Property
Erdington Is Quietly Outrunning Every Suburb on Birmingham's Property Map
While buyers chase Moseley and Harrowgate Hill prices climb, one north Birmingham postcode is delivering stronger returns at a fraction of the cost.
4 min read
Property
While buyers chase Moseley and Harrowgate Hill prices climb, one north Birmingham postcode is delivering stronger returns at a fraction of the cost.
4 min read

House prices in Erdington rose 11.3 percent in the 12 months to June 2026, making it the fastest-appreciating suburb in Birmingham according to figures compiled from Land Registry completions — beating Moseley, Kings Heath and Harborne, all of which posted single-digit growth over the same period. The median sale price for a three-bedroom semi in Erdington now sits at £189,500, roughly £60,000 below the equivalent in Moseley and nearly £90,000 below Harborne's median.
That gap matters right now because mortgage affordability remains the defining constraint on Birmingham's market. The Bank of England base rate, still at 4.25 percent as of July 2026, has pushed buyers down the value chain. Erdington — long dismissed as unfashionable by estate agents who preferred to steer clients toward the Jewellery Quarter or Digbeth — has absorbed that pressure and turned it into a seller's market.
Three forces are converging on the B23 and B24 postcodes. First, the £35 million regeneration of Erdington High Street, funded through the West Midlands Combined Authority's Town Centre Recovery Fund and launched in March 2025, has changed the physical feel of the district. New paving on High Street itself, the refurbishment of the former ABC Cinema site on Sutton Road, and the reopening of Erdington library as a community enterprise hub have all been completed or are within weeks of completion.
Second, transport. The Cross-City line stops at Erdington station, putting the city centre at 12 minutes on the 08:23 service — competitive with the tram journey from Wolverhampton Street in Digbeth and considerably cheaper than parking anywhere near Colmore Row. For buyers who cannot stretch to a flat in the Mailbox catchment, that commute calculation is decisive.
Third, the school catchment picture has shifted. Holly Lane Primary in Erdington received an Outstanding Ofsted rating in autumn 2025, and Stockland Green School's sixth form results placed it in the top 15 percent of non-selective state schools in the West Midlands for the second consecutive year. Families who might once have stretched to Sutton Coldfield's B72 postcode are running the numbers and stopping short.
The sharpest demand is concentrated on a roughly half-mile corridor: Gravelly Lane from its junction with the A5127 Chester Road down toward Gravelly Hill, and the terraced streets feeding off Brookvale Road. Properties on Grange Road and Wood End Road are typically listed and under offer within 10 days, according to local branch data from Martin & Co's Erdington office. That's a sales velocity last seen in this postcode during the brief stamp duty holiday spike of 2021.

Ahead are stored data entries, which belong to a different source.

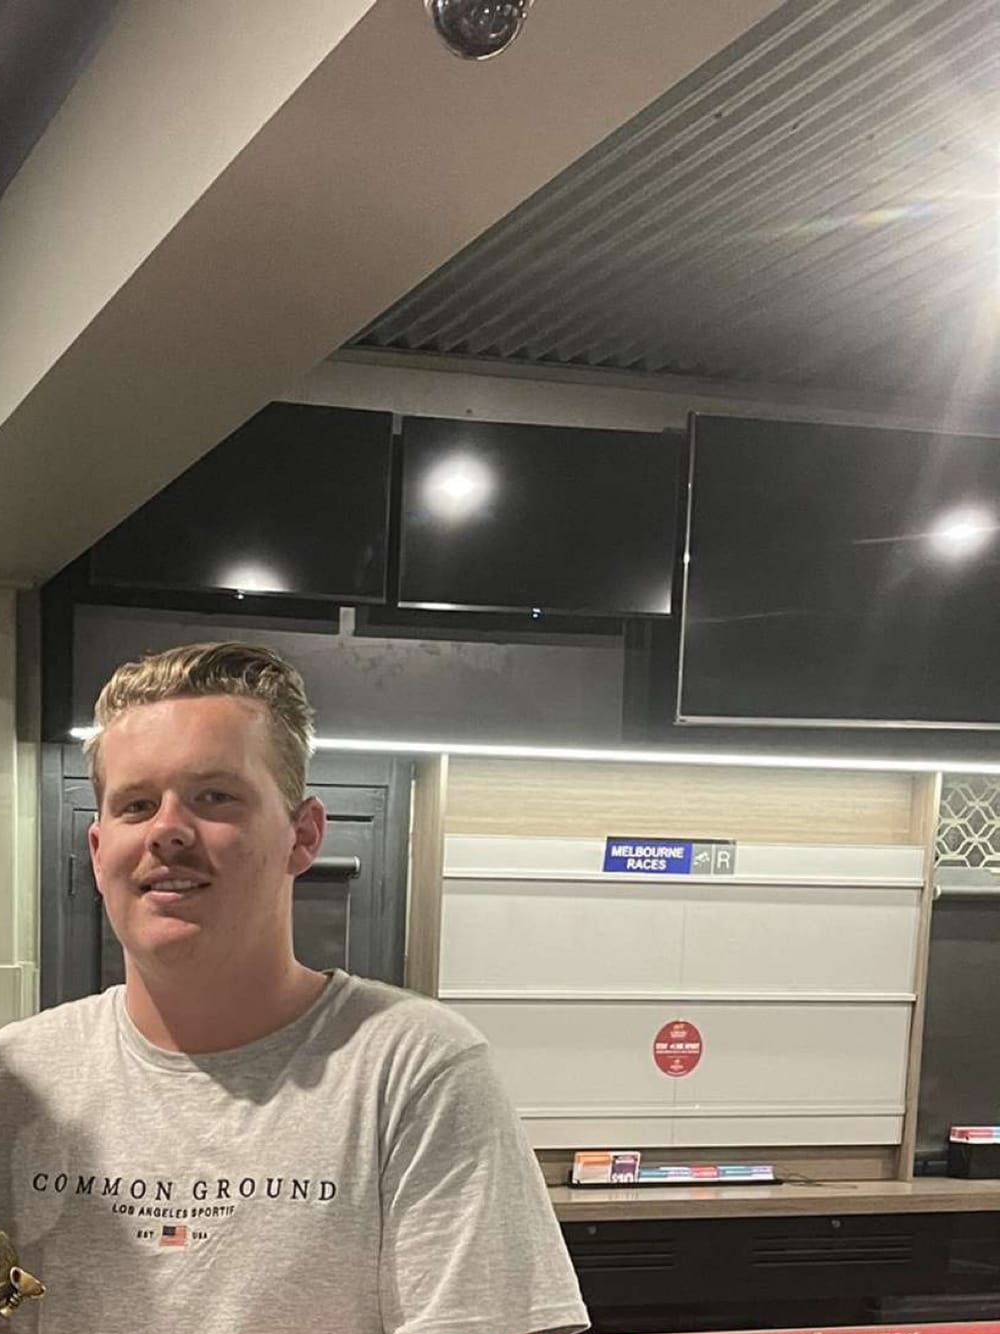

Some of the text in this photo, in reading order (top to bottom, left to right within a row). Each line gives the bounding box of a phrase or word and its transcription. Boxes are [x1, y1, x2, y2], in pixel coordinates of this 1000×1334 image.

[611, 845, 685, 858] MELBOURNE
[627, 858, 667, 870] RACES
[717, 851, 730, 869] R
[32, 1173, 337, 1201] COMMON GROUND
[112, 1203, 235, 1218] LOS ANGELES SPORTIF
[192, 1231, 208, 1239] USA
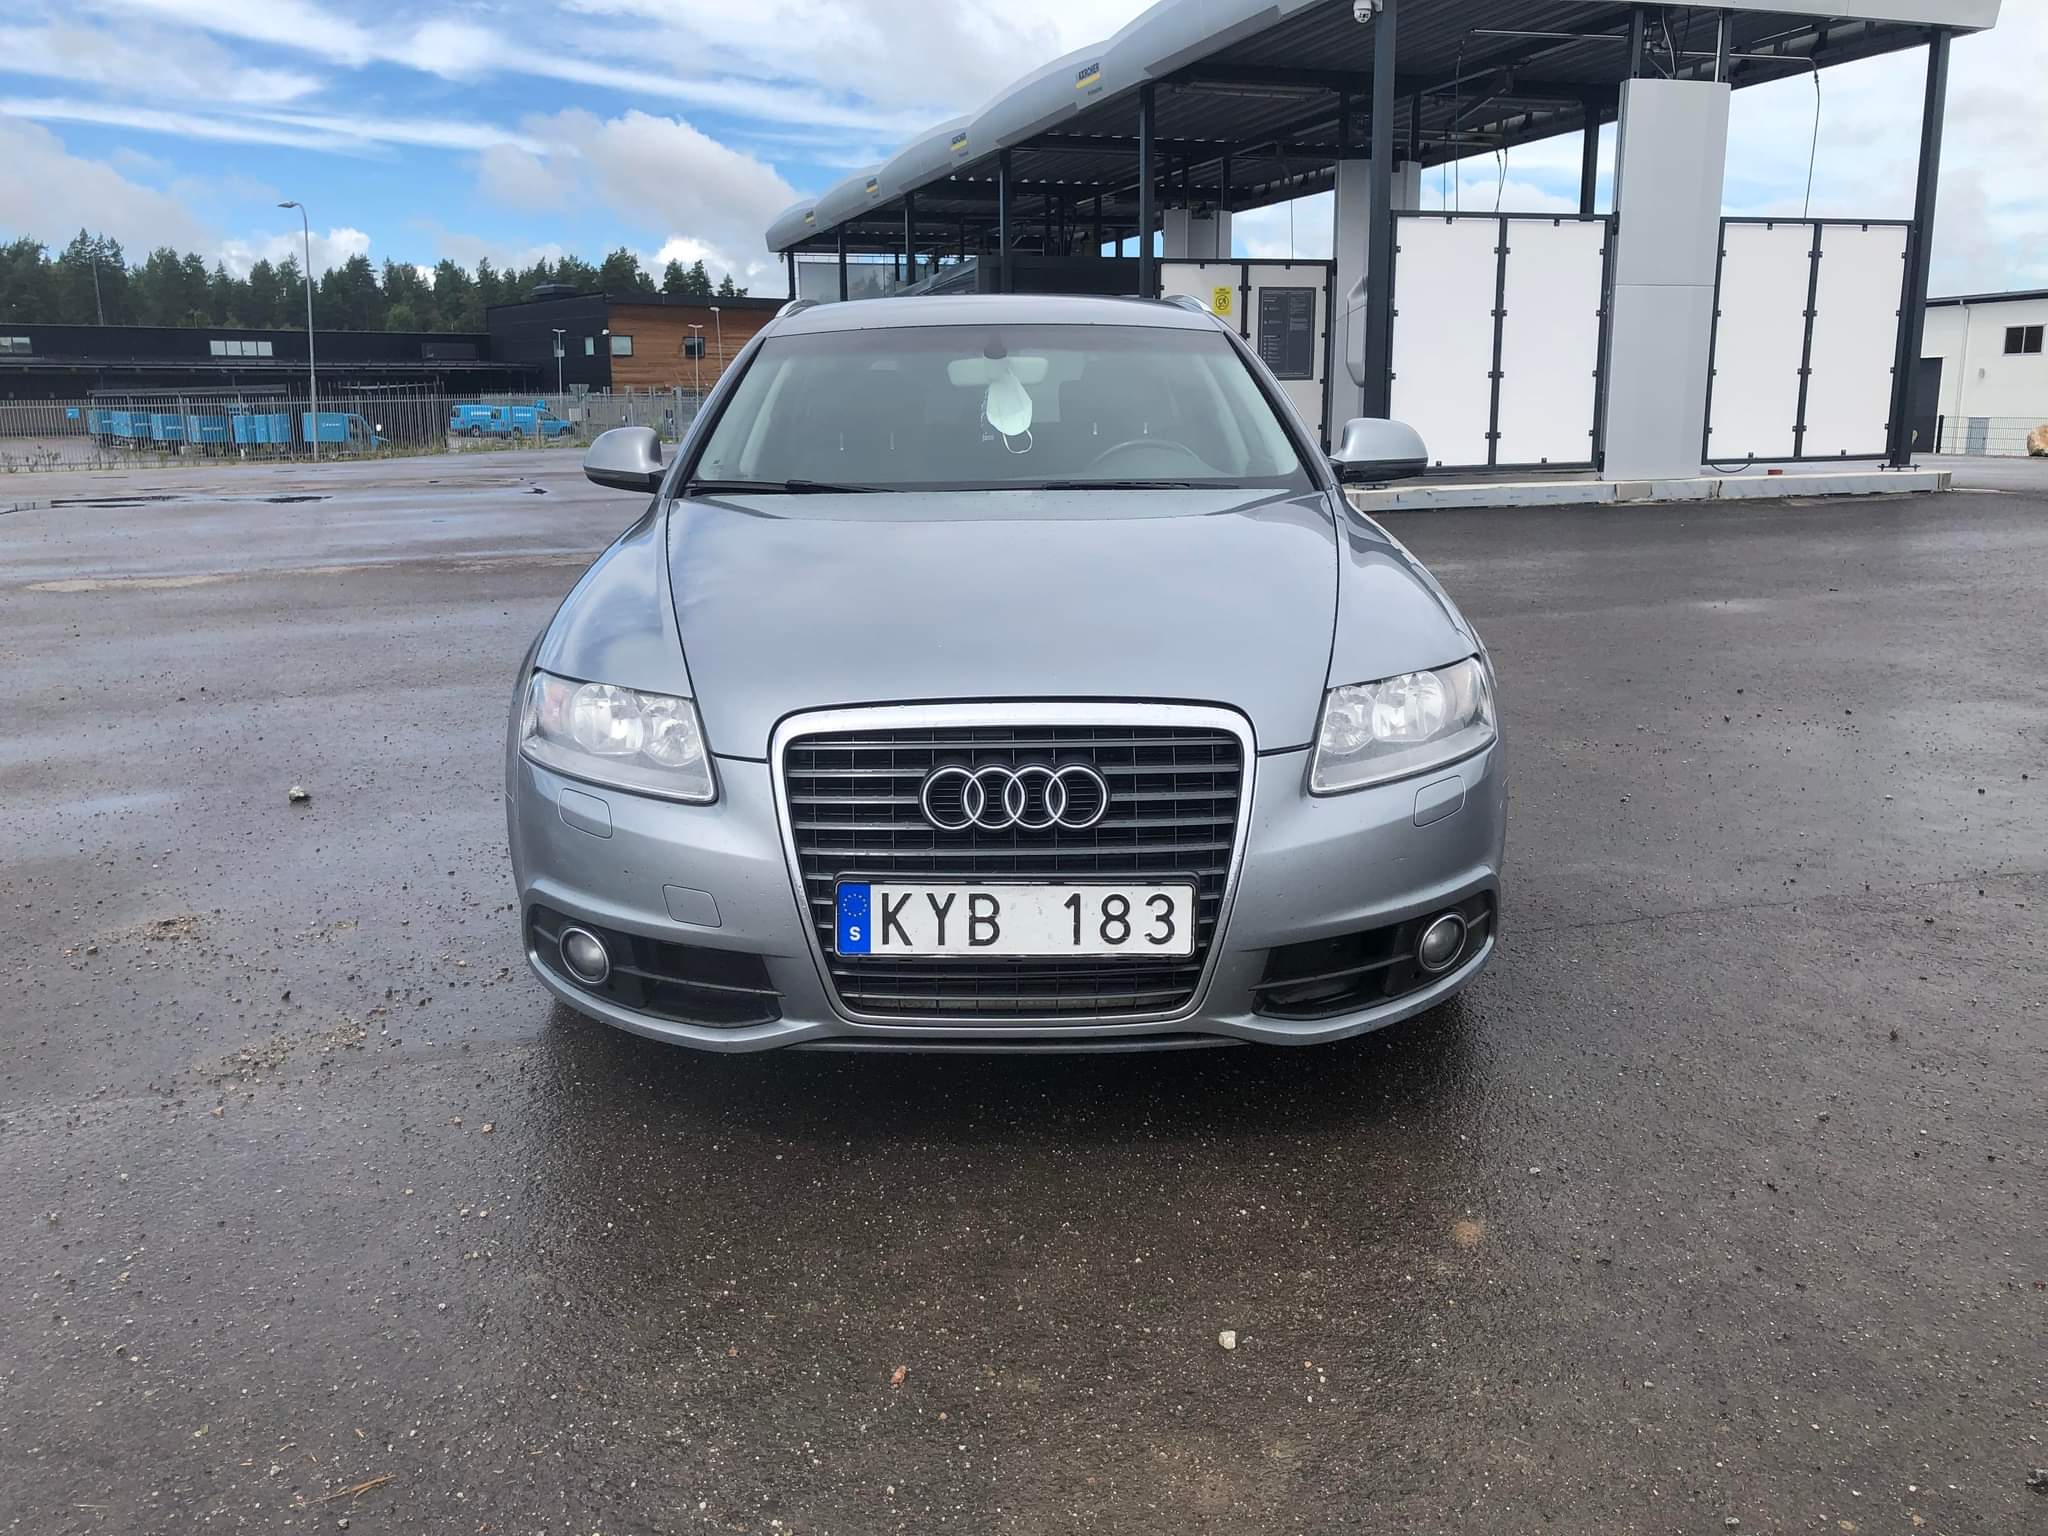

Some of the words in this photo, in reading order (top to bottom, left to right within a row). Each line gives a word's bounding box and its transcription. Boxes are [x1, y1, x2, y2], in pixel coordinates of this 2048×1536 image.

[849, 926, 861, 941] S
[881, 893, 1000, 946] KYB
[1064, 893, 1175, 945] 183

Investors have noticed. Portfolio landlords who spent 2023 and 2024 consolidating holdings in Bordesley Green and Saltley are now making offers in Erdington, attracted by gross rental yields estimated at 7.1 to 7.8 percent — well above the 4.9 percent average Birmingham yield tracked by Rightmove's commercial data team for Q1 2026. A two-bedroom mid-terrace on Fentham Road let at £950 per month is, on current asking prices, a yield calculation that is hard to argue with.
For buyers considering the suburb, the practical advice from agents active in B23 is straightforward: budget for the survey. A significant portion of the Victorian terrace stock between Slade Road and College Road shows signs of subsidence related to the underlying red sandstone, and several sales have fallen through in 2026 after structural reports came back with unexpected findings. A full structural survey, not a homebuyer's report, is the baseline. Beyond that, the window to buy below £200,000 in this suburb is almost certainly closing. The regeneration programme's final phase — a mixed-use development on the old Erdington swimming baths site off Mason Road — breaks ground in September 2026. When that scheme completes, the postcode's discount to its neighbours will be a harder argument to make.